Judge John R. O’Malley denied the Diocese of Kansas City-St. Joseph summary judgment Friday, after hearing arguments based on Powel v. Chaminade, which added new wording to how the statute of limitations can be applied in sexual abuse claims. The ruling allows a court to consider when a plaintiff not only recalled the alleged abuse, but recognized the harm it inflicted.
O’Malley’s decision allowed the lawsuit to proceed to a jury verdict. The Diocese settled within days.

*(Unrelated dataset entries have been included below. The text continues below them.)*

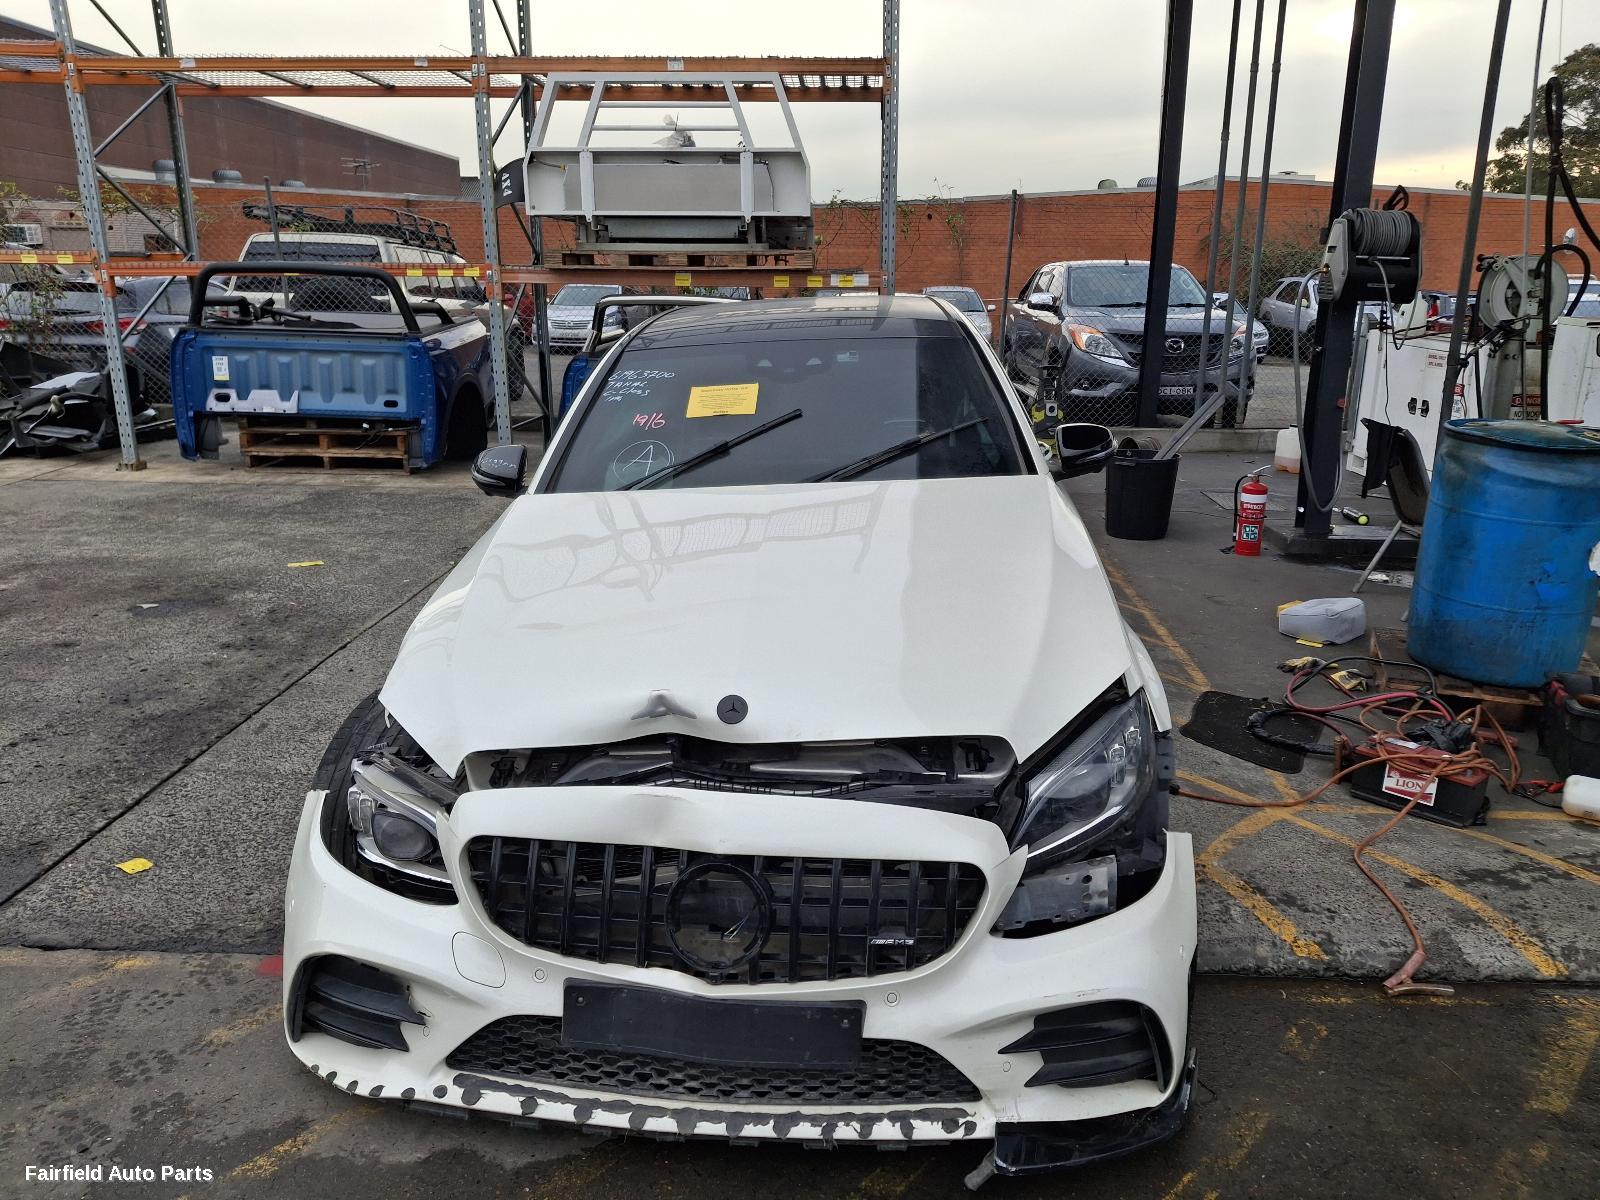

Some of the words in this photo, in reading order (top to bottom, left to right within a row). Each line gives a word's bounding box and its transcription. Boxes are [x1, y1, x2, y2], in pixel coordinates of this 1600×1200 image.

[632, 412, 667, 431] 19/6
[622, 444, 654, 477] A
[1395, 778, 1424, 791] LION
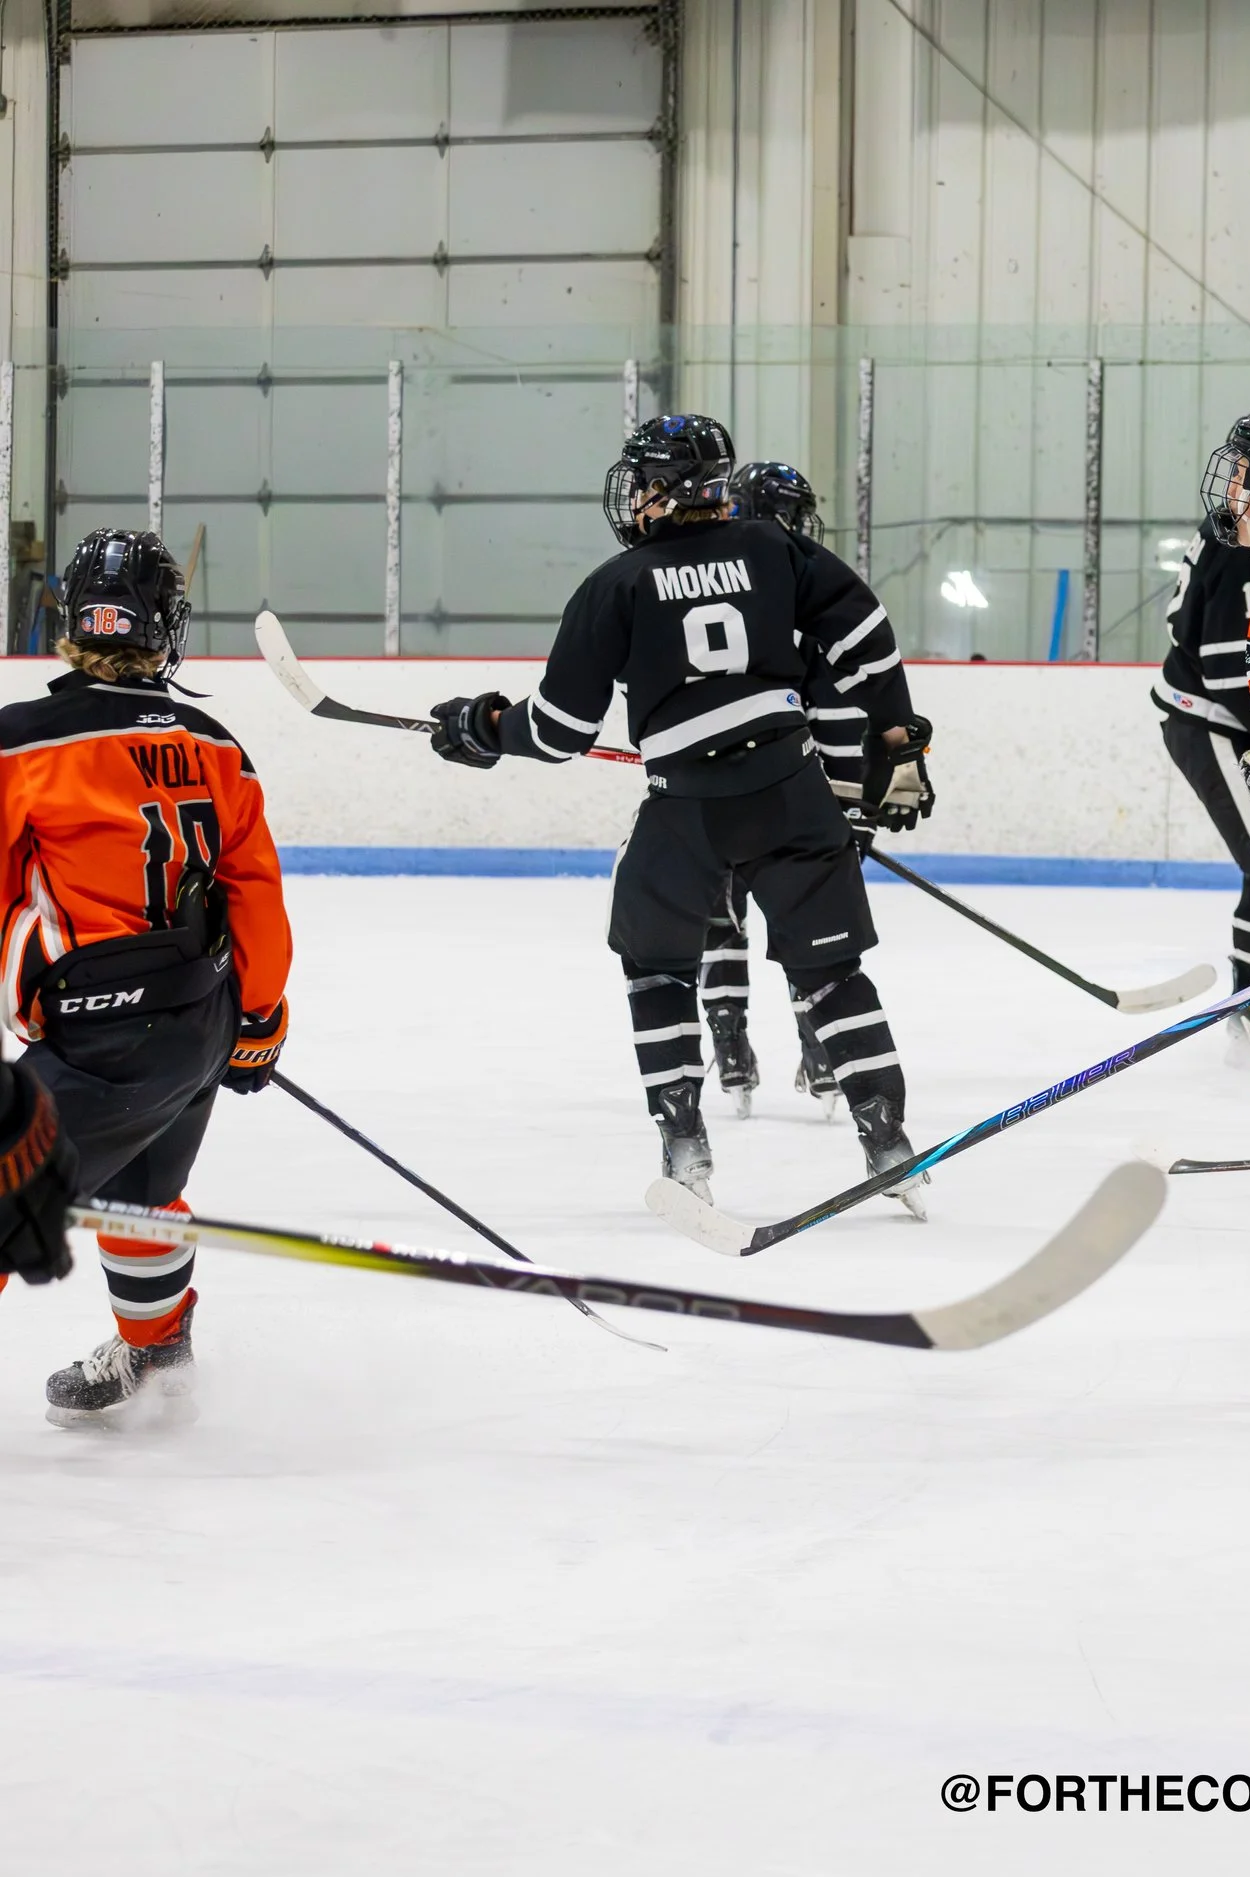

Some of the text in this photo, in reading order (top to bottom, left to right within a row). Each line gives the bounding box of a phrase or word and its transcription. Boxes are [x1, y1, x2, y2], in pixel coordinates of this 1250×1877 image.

[652, 558, 752, 602] MOKIN
[93, 607, 118, 635] 18
[681, 601, 750, 684] 9
[59, 987, 145, 1014] CCM
[1000, 1046, 1136, 1131] BAUER
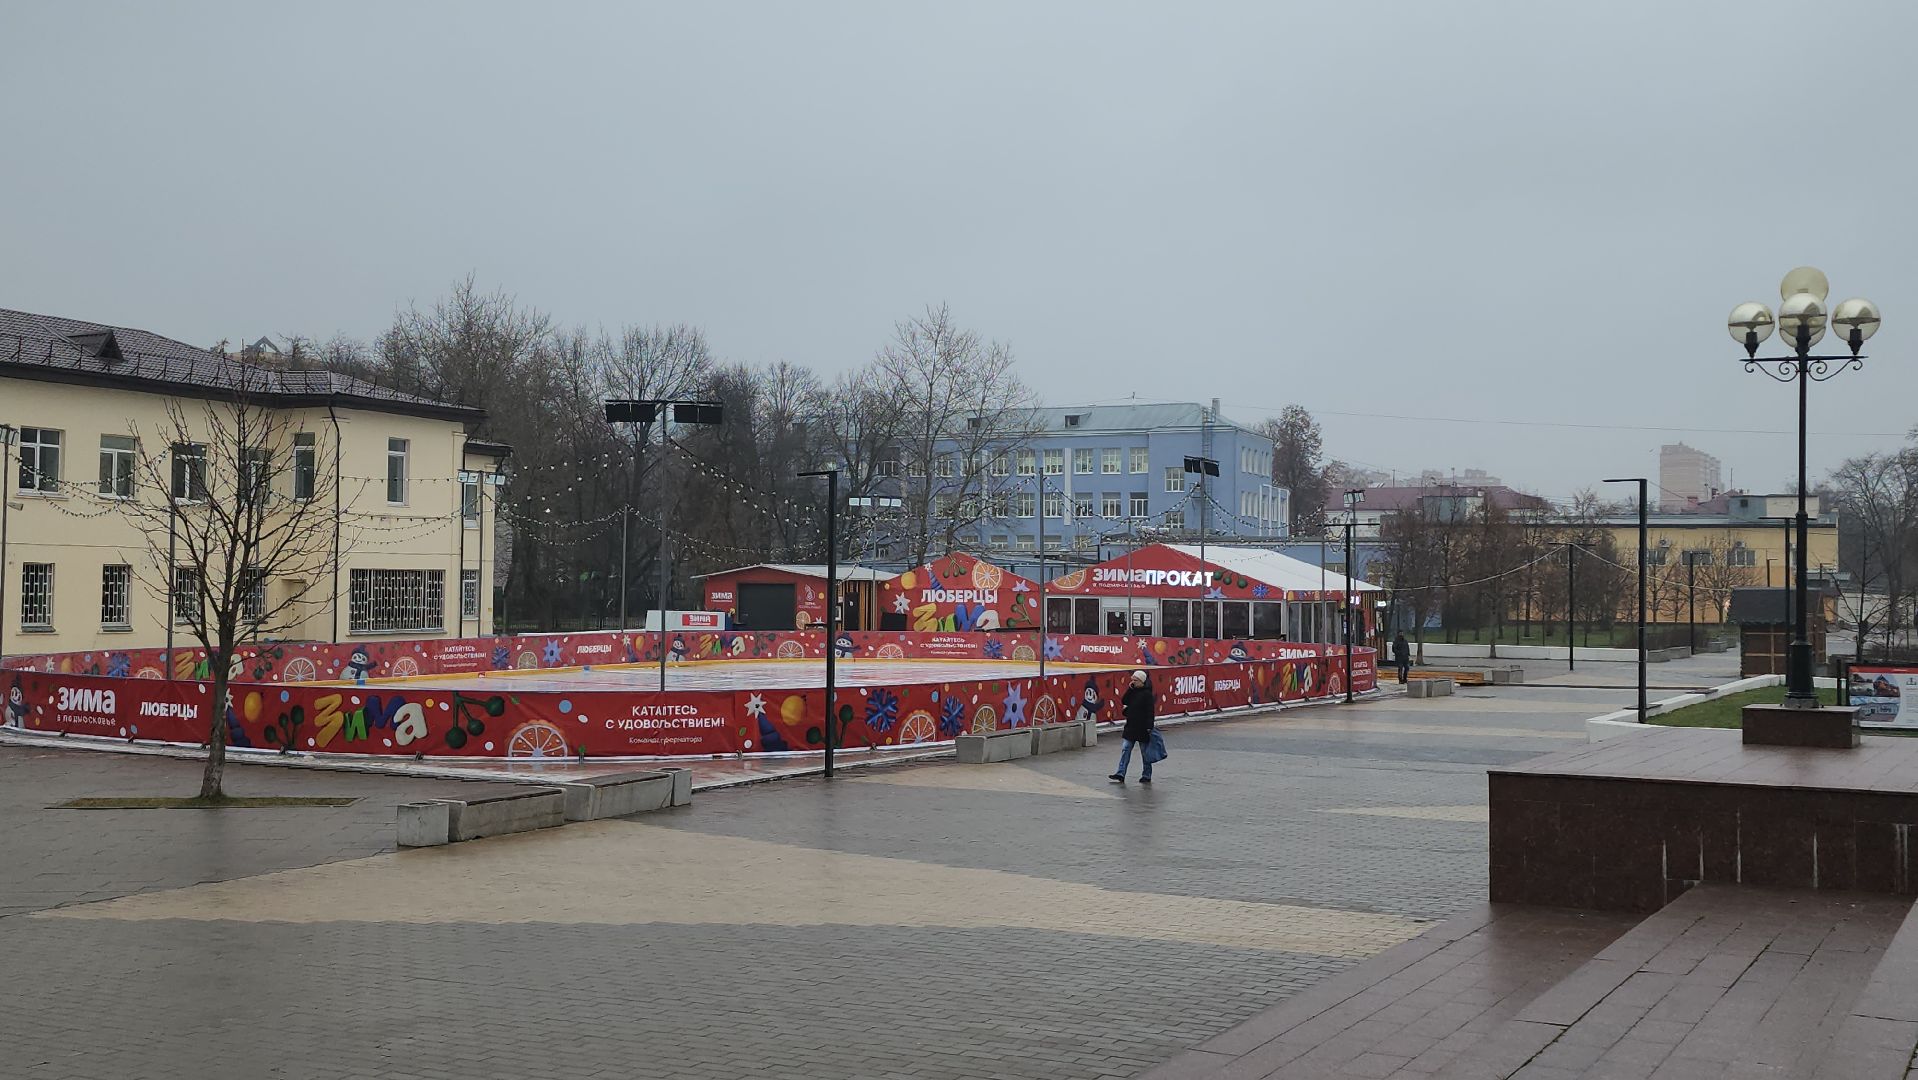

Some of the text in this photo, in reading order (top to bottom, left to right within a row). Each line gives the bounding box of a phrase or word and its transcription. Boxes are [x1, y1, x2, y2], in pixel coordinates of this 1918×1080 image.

The ruling means Missouri’s law is now similar to Canada. The 1992 decision of the Supreme Court of Canada, M (K) v M (H), removed a major barrier to lawsuits by ruling that provincial limitation periods do not begin to run until the plaintiff is reasonably capable of discovering the wrongful nature of the defendant’s acts and the nexus between those acts and the plaintiff’s injuries.
Nova Scotia became the first Province to amend its Limitation of Actions Act to provide that the limitation period for sexual abuse cases does not start to run until the victim is aware of the full extent of the abuse and the injury suffered. In 1994, British Columbia amended its Limitation Act to eliminate all limitations for causes of action ‘based on misconduct of a sexual nature’ or ‘based on sexual assault’. The rest of the Provinces enacted similar legislation shortly thereafter.